I remember my horrible teenage years, fighting with my dad, and stomping off to my bedroom. I know now that this helped the natural people-pleaser in me learn how to say no and stick to my own beliefs, unswayed by the crowd.

I remember the moment I told my dad I had just become engaged, and feeling him hold me tight, seeing his eyes glisten as I pulled away to tell my family all about the proposal.

I remember him walking me down the aisle at my wedding, knowing that our relationship had now changed forever.

Seeing him hold his first grandchild, so small in his arms, I found it almost unbelievable that he once held me the exact same way so many years ago.

I recall all the fixing and helping that he has silently endured for all the years in between, that all at once remind me of the the scene in 'the princess bride' where the meaning for the words "as you wish" are revealed.

I smile at the way he still says "hello big girl" as he hears my voice on the other end of the telephone. Every time. With the sound of happiness no matter what is going on with him at the time.

I look back and remember being completely loved, supported, and safe. My dad is most definitely the strong and silent type, so my relationship with him is where I learnt that love is most often found in actions, not words. Words are too easy. The care, time, and sometimes just hard work, says so much more.

They say that girls choose to marry a man like their father. In many ways I can see that.

As a mother I have been given the opportunity to see things from the other side, by watching my husband, and it makes me appreciate my memories all the more.

I see the sacrifice made daily, as an often tired dad plays and takes children on bike rides and reads endless stories to little ones snuggled in his lap. I see the constant struggle it is for a dad to provide in a monetary way for his family, but at the same time trying so hard to find the time to connect with his wife and children. I realise how hard all the overtime is now, and was then. I am confronted with the reality that dads question their ability to be a good parent just as much as mums do; only without the constant support I experience from other mothers.

I am blessed to experience the utter joy and complete love a dad feels when he is with his children, and know that protecting them is something he would do with everything in him, in a heart beat, without question.

My children may not realise the meaning behind the words they sing and dance to right now. But I do. It's every dad's plight.
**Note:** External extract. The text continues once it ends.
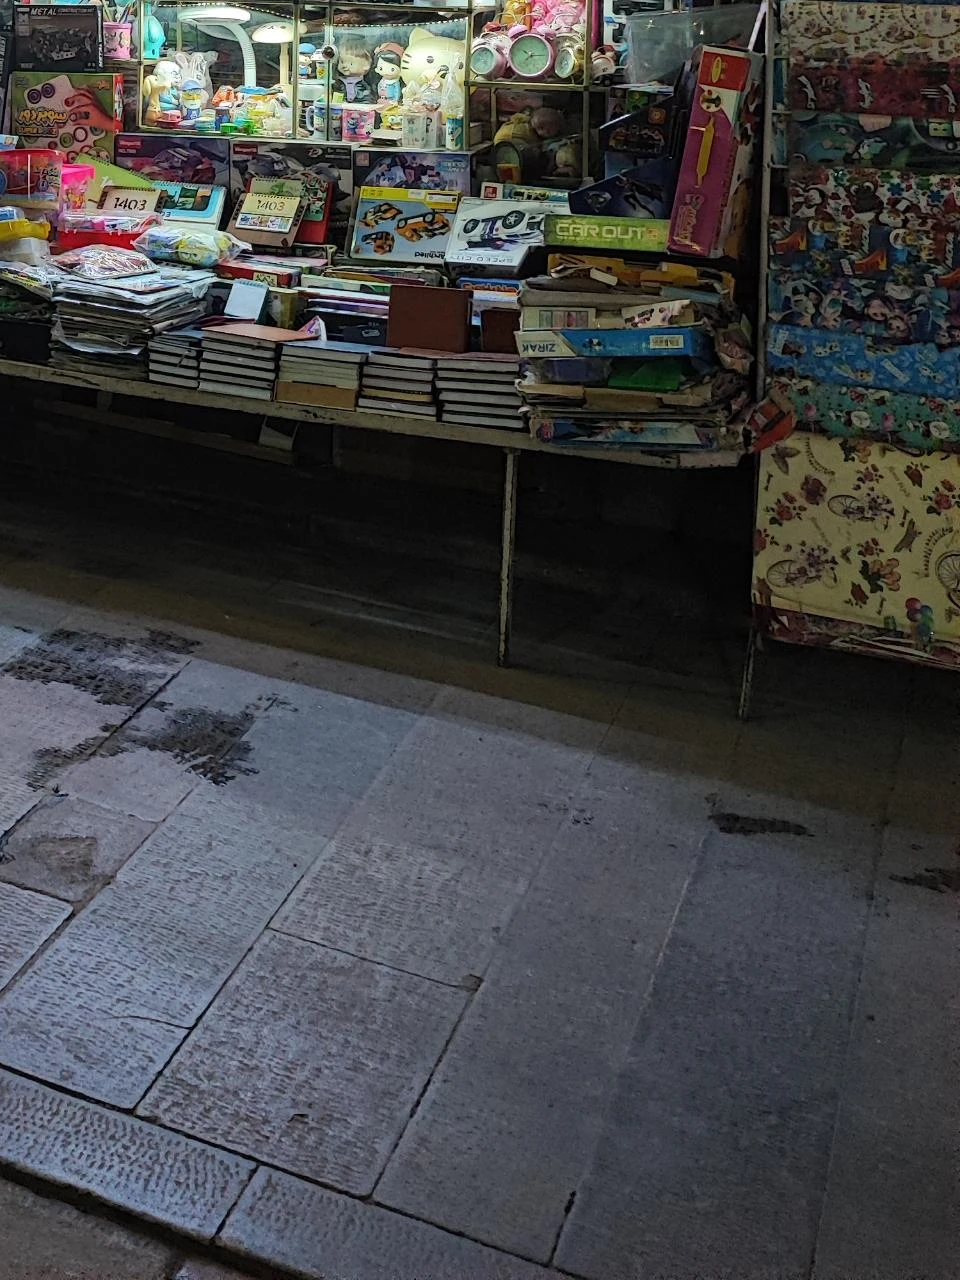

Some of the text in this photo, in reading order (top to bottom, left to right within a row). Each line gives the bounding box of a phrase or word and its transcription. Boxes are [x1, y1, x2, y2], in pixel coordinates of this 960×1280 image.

And as I see Lucy's eyes light up as she hears her daddy's motorbike approach, and she gets up to run to the door, I know that one day she will hear the song she has listened to so many times, once again. Only this time she will understand the words and silently thank the man who has given her all too much to ever properly thank him for.

To my dad, my husband, and all the amazing dads out there doing their best: thank you. Know that your children see you trying so hard and feel your amazing love, even if they don't always show gratefulness.

One day, maybe many years from now, they may just find themselves sitting at a computer, reflecting on your influence, and realise just how much you gave to be the one, who will always be worthy of one of the most precious titles anywhere on earth: daddy.


The song: Dance with Cinderella

She spins and she sways to whatever song plays,
Without a care in the world.
And I'm sitting here with the weight of the world on my shoulders.
It's been a long day and there's still work to do,
She's pulling at me, saying "dad I need you,
There's a ball at the castle and I've been invited,
But I need to practice my dancing.
Please, daddy, please."

So I'll dance with Cinderella, while she is here in my arms,
because I know something the prince never knew.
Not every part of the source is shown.